▸ EXERCISE OBJECTIVE:
Below are records to transcribe exactly, without their pictures.

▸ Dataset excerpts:
>>>>>
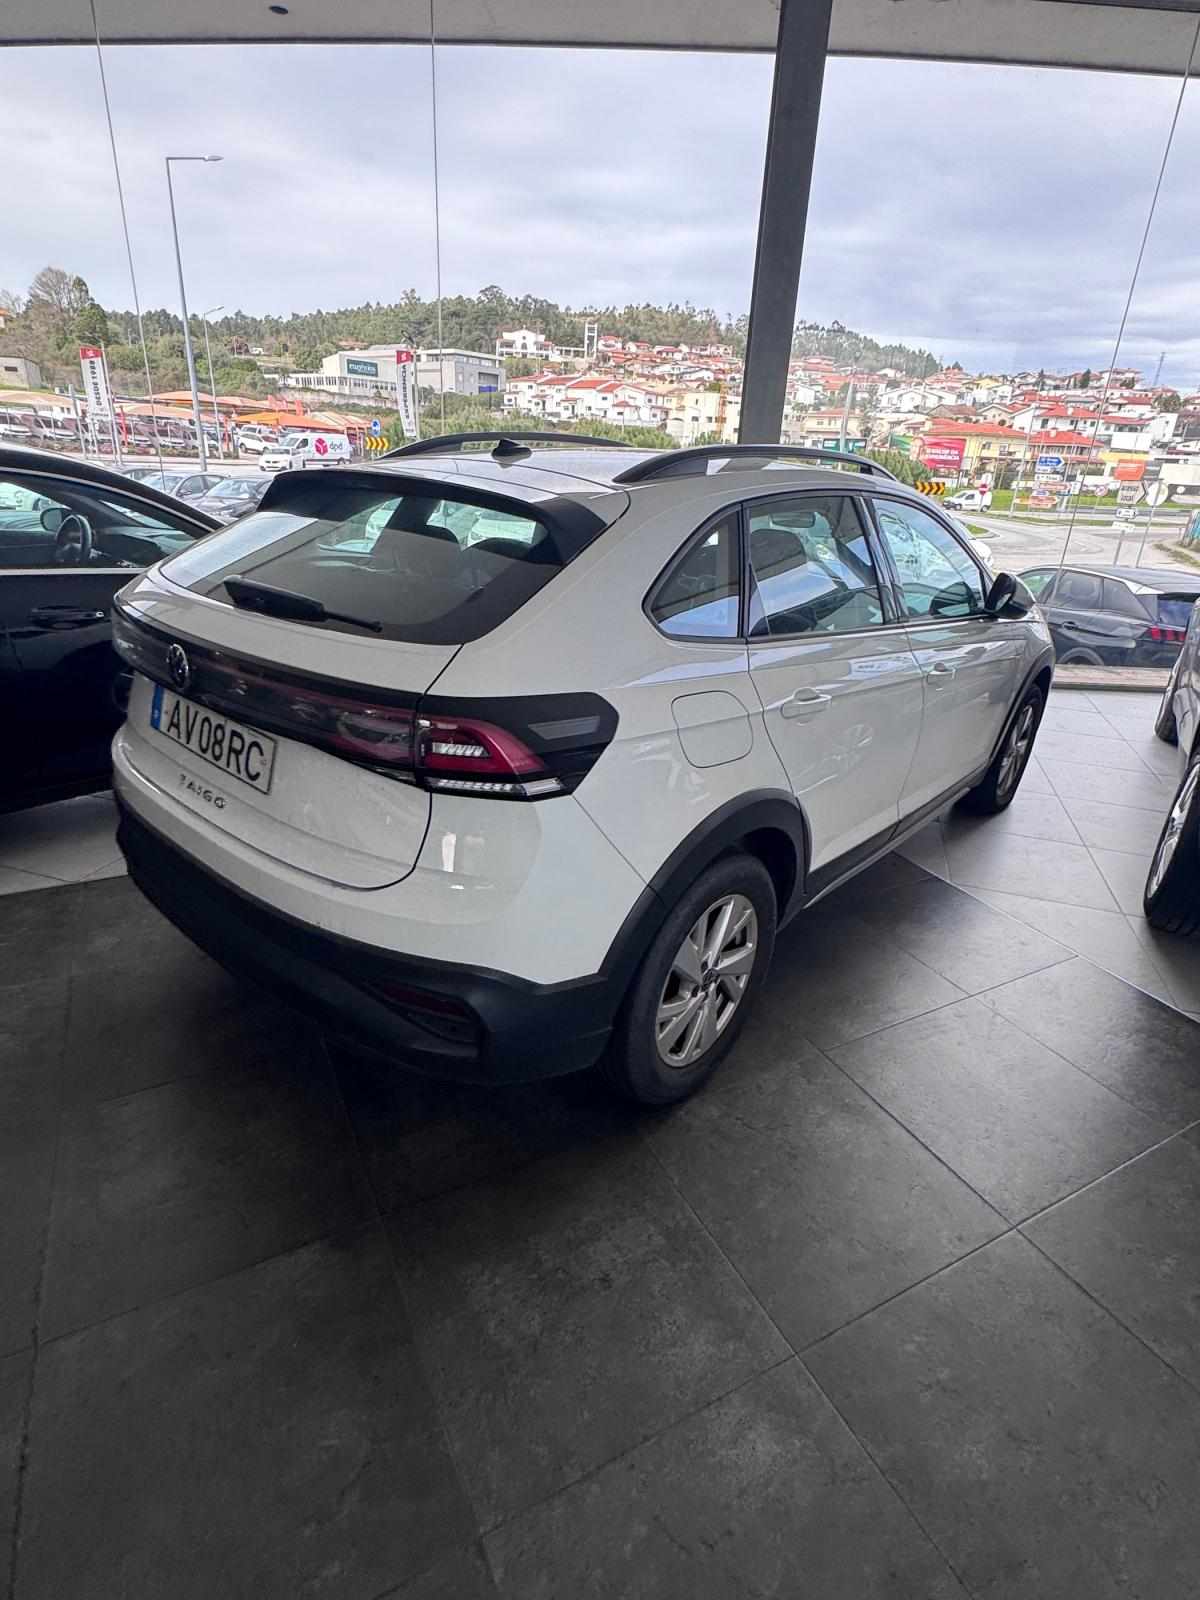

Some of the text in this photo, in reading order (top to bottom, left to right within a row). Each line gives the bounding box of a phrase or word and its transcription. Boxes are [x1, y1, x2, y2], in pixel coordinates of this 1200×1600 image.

[93, 381, 103, 406] DESDE
[329, 442, 343, 452] dpd
[179, 773, 226, 809] TAIGO
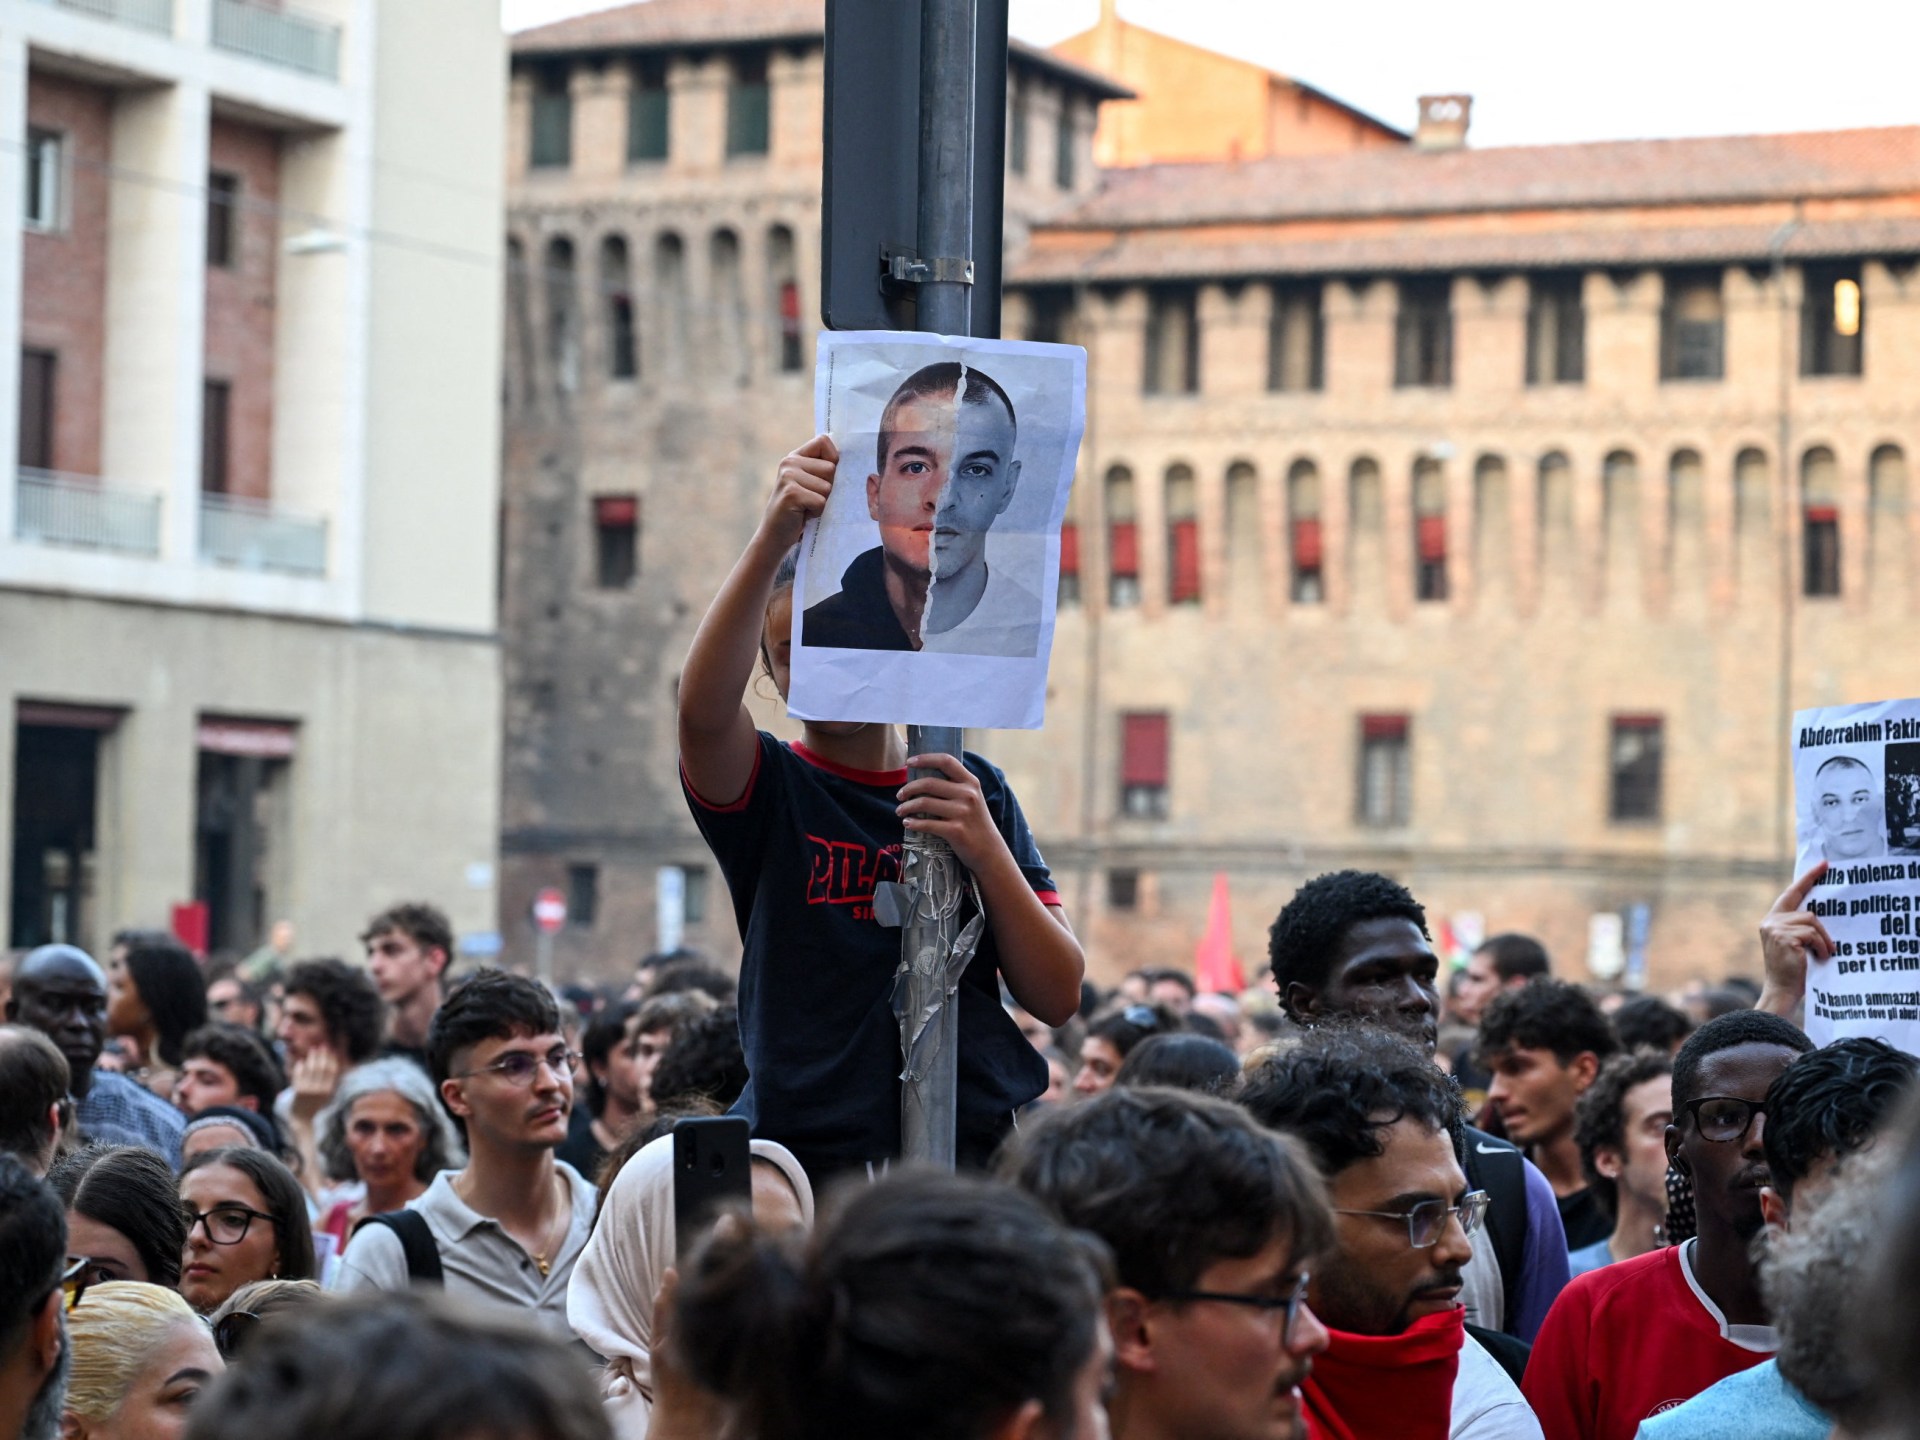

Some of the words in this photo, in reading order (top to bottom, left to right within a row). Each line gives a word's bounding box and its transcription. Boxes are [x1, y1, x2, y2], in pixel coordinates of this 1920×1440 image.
<<<<<
▸ RESULT OF THE TASK:
Some of the text in this photo, in reading order (top to bottom, left to right within a row). Each line gives the bounding box of a phrase or word and its transcription. Boxes are [x1, y1, x2, y2], in pixel coordinates of this 1200×1600 image.

[93, 381, 103, 406] DESDE
[329, 442, 343, 452] dpd
[179, 773, 226, 809] TAIGO

Some of the words in this photo, in reading order (top to bottom, left to right within a row). Each line gives a word's bounding box and its transcription. Boxes are [x1, y1, x2, y2], in pixel coordinates of this 1920×1440 image.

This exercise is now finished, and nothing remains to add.